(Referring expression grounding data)
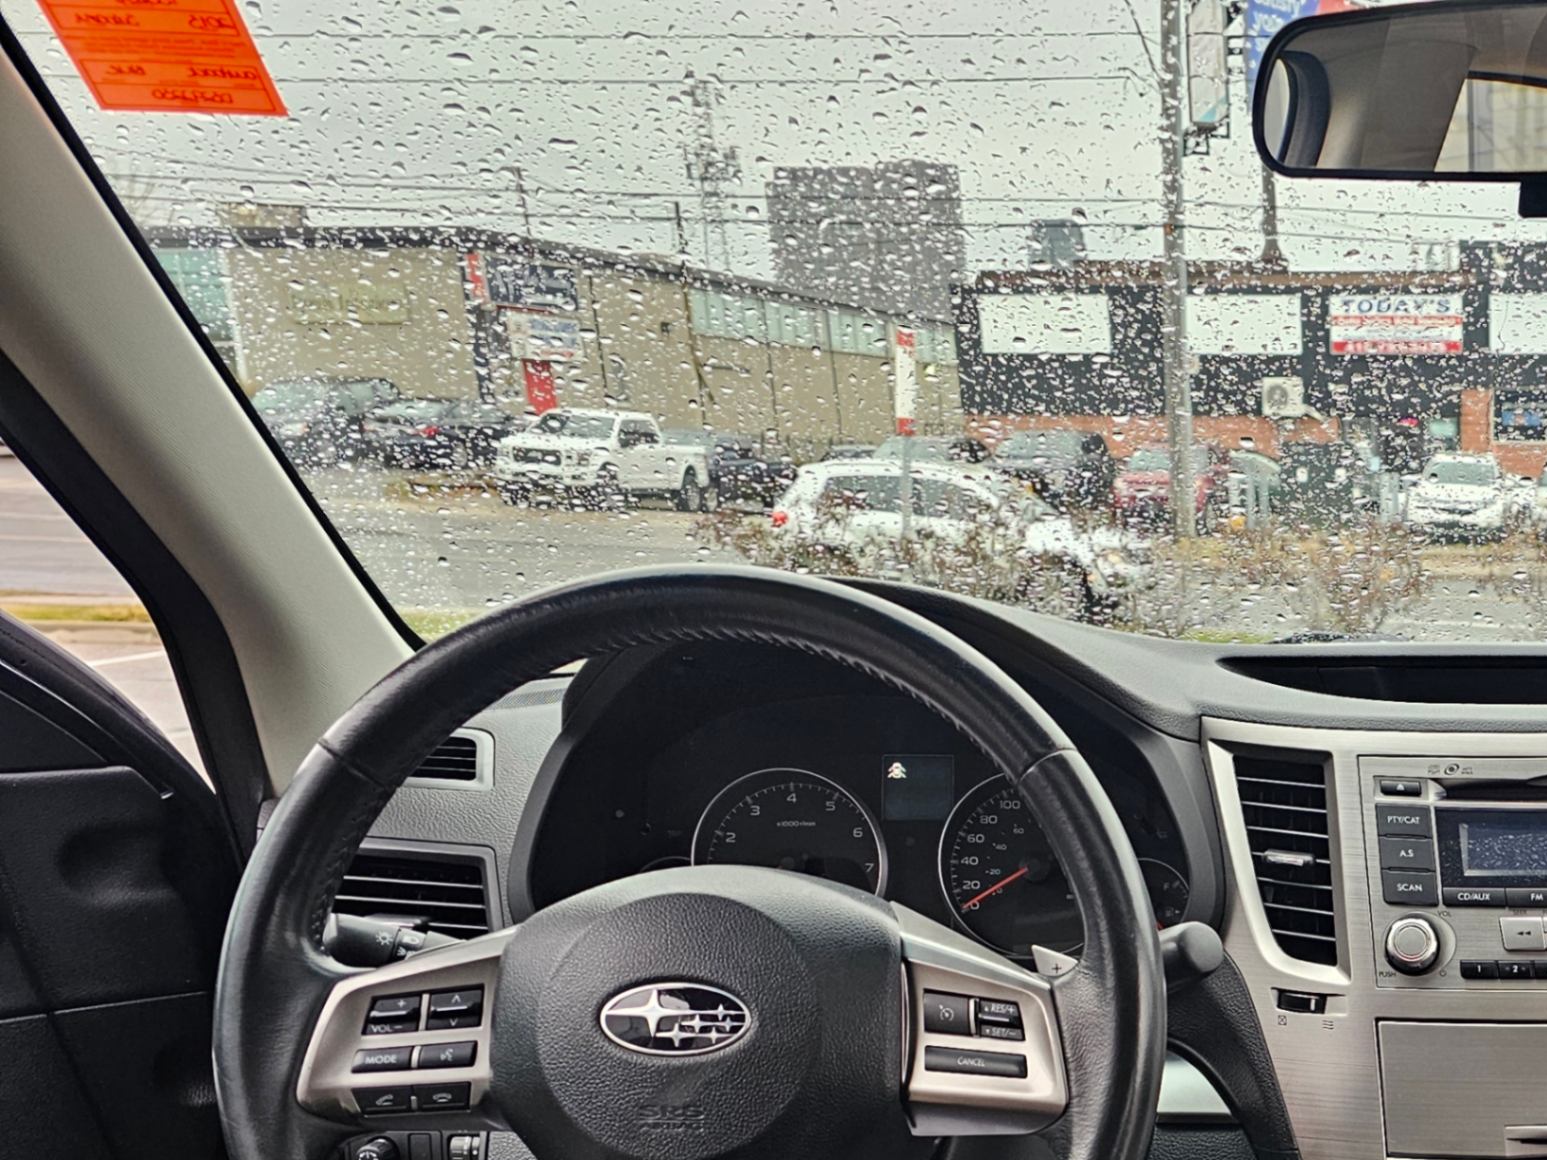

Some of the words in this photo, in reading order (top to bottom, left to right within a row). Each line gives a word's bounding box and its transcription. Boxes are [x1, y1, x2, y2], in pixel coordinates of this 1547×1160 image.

[1341, 299, 1451, 313] TODAY'S
[786, 793, 797, 803] 4
[825, 801, 836, 812] 5
[999, 799, 1021, 810] 100
[749, 805, 761, 816] 3
[980, 814, 998, 825] 80
[725, 832, 737, 843] 2
[853, 827, 863, 838] 6
[967, 834, 985, 844] 60
[961, 856, 979, 866] 40
[864, 862, 875, 873] 7
[962, 880, 981, 890] 20
[1397, 883, 1423, 892] SCAN
[1457, 892, 1491, 901] CD/AUX
[1530, 893, 1544, 901] FM
[1512, 965, 1519, 973] 2
[365, 1054, 397, 1065] MODE
[957, 1056, 986, 1067] CANCEL
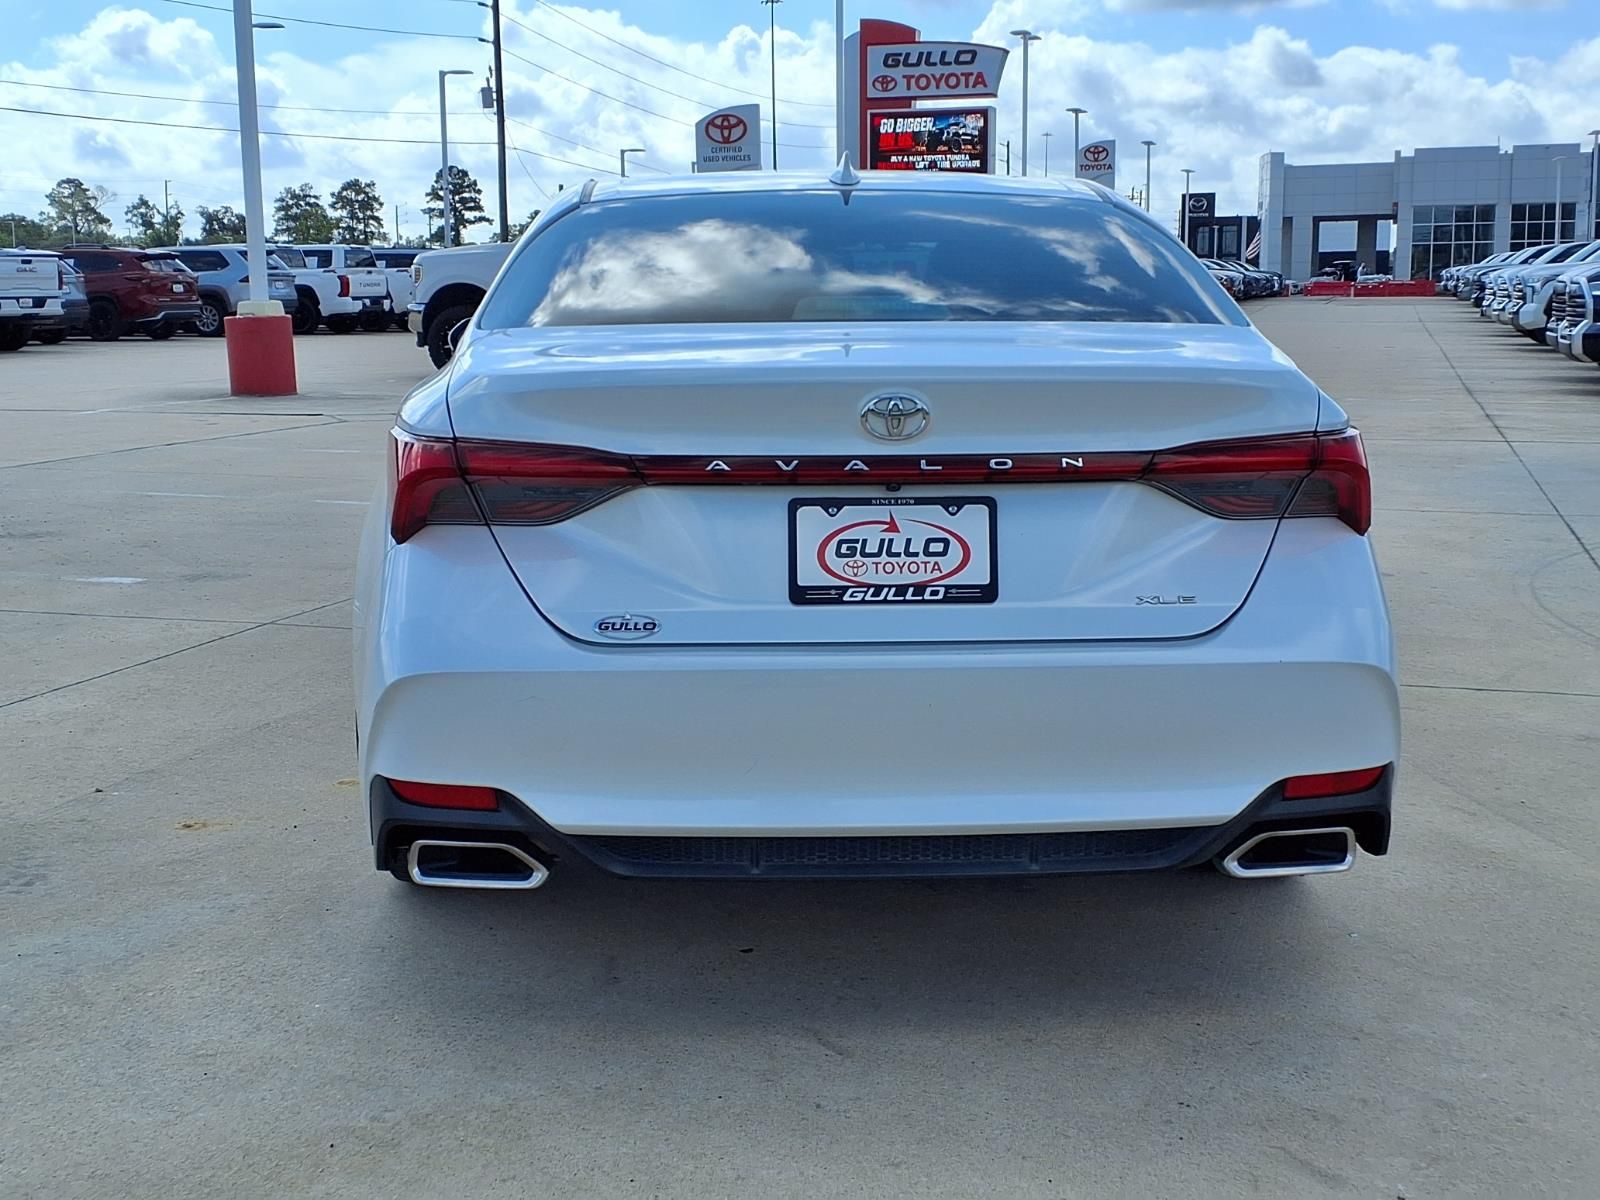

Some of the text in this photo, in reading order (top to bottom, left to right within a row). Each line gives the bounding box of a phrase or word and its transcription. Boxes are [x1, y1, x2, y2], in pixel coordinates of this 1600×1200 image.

[882, 49, 978, 68] GULLO
[902, 71, 988, 91] TOYOTA
[880, 118, 895, 134] GO
[710, 146, 743, 154] CERTIFIED
[703, 154, 752, 163] USED VEHICLES
[1080, 163, 1113, 172] TOYOTA
[704, 457, 1084, 471] AVALON
[834, 537, 951, 559] GULLO
[872, 561, 943, 575] TOYOTA
[842, 586, 946, 602] GULLO
[1135, 595, 1198, 606] XLE
[598, 621, 657, 631] GULLO
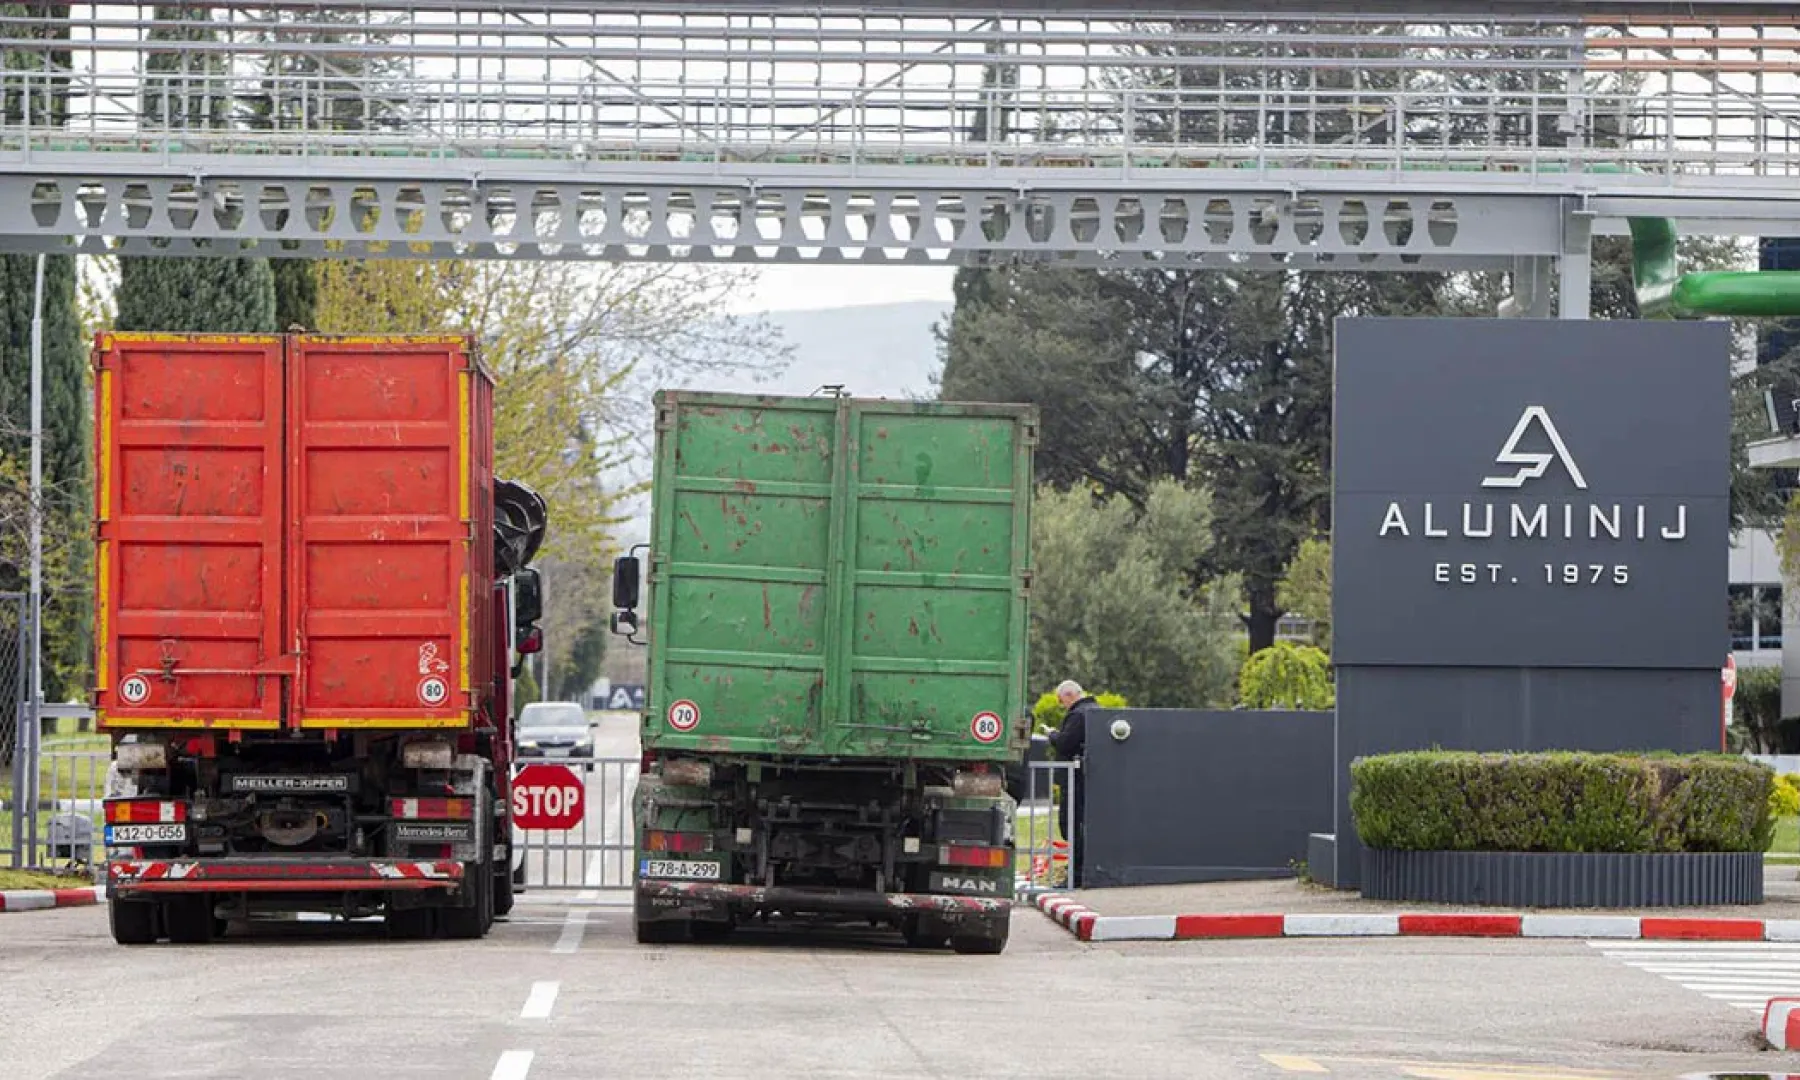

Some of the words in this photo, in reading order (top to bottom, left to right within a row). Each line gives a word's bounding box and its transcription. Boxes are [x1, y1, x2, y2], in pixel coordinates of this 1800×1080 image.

[1379, 502, 1687, 539] ALUMINIJ
[1434, 563, 1518, 583] EST.
[1544, 563, 1628, 584] 1975
[127, 683, 143, 696] 70
[425, 684, 441, 697] 80
[677, 709, 692, 722] 70
[980, 721, 995, 733] 80
[513, 785, 579, 816] STOP
[398, 825, 468, 837] Mercedes-Benz
[649, 862, 718, 877] E78-A-299
[942, 877, 997, 892] MAN

§ The task
Return each record above as it stands. Pictures stay out.

§ Final answer
Some of the words in this photo, in reading order (top to bottom, left to right within a row). Each line gives a word's bounding box and its transcription. Boxes are [x1, y1, x2, y2], in pixel coordinates of this 1547×1160 image.

[1341, 299, 1451, 313] TODAY'S
[786, 793, 797, 803] 4
[825, 801, 836, 812] 5
[999, 799, 1021, 810] 100
[749, 805, 761, 816] 3
[980, 814, 998, 825] 80
[725, 832, 737, 843] 2
[853, 827, 863, 838] 6
[967, 834, 985, 844] 60
[961, 856, 979, 866] 40
[864, 862, 875, 873] 7
[962, 880, 981, 890] 20
[1397, 883, 1423, 892] SCAN
[1457, 892, 1491, 901] CD/AUX
[1530, 893, 1544, 901] FM
[1512, 965, 1519, 973] 2
[365, 1054, 397, 1065] MODE
[957, 1056, 986, 1067] CANCEL

Some of the text in this photo, in reading order (top to bottom, left to right within a row). Each line gives the bounding box of a phrase or word and its transcription. Boxes are [x1, y1, x2, y2], in pixel coordinates of this 1600×1200 image.

[882, 49, 978, 68] GULLO
[902, 71, 988, 91] TOYOTA
[880, 118, 895, 134] GO
[710, 146, 743, 154] CERTIFIED
[703, 154, 752, 163] USED VEHICLES
[1080, 163, 1113, 172] TOYOTA
[704, 457, 1084, 471] AVALON
[834, 537, 951, 559] GULLO
[872, 561, 943, 575] TOYOTA
[842, 586, 946, 602] GULLO
[1135, 595, 1198, 606] XLE
[598, 621, 657, 631] GULLO

Some of the words in this photo, in reading order (top to bottom, left to right within a row). Each line gives a word's bounding box and its transcription. Boxes are [x1, y1, x2, y2], in pixel coordinates of this 1800×1080 image.

[1379, 502, 1687, 539] ALUMINIJ
[1434, 563, 1518, 583] EST.
[1544, 563, 1628, 584] 1975
[127, 683, 143, 696] 70
[425, 684, 441, 697] 80
[677, 709, 692, 722] 70
[980, 721, 995, 733] 80
[513, 785, 579, 816] STOP
[398, 825, 468, 837] Mercedes-Benz
[649, 862, 718, 877] E78-A-299
[942, 877, 997, 892] MAN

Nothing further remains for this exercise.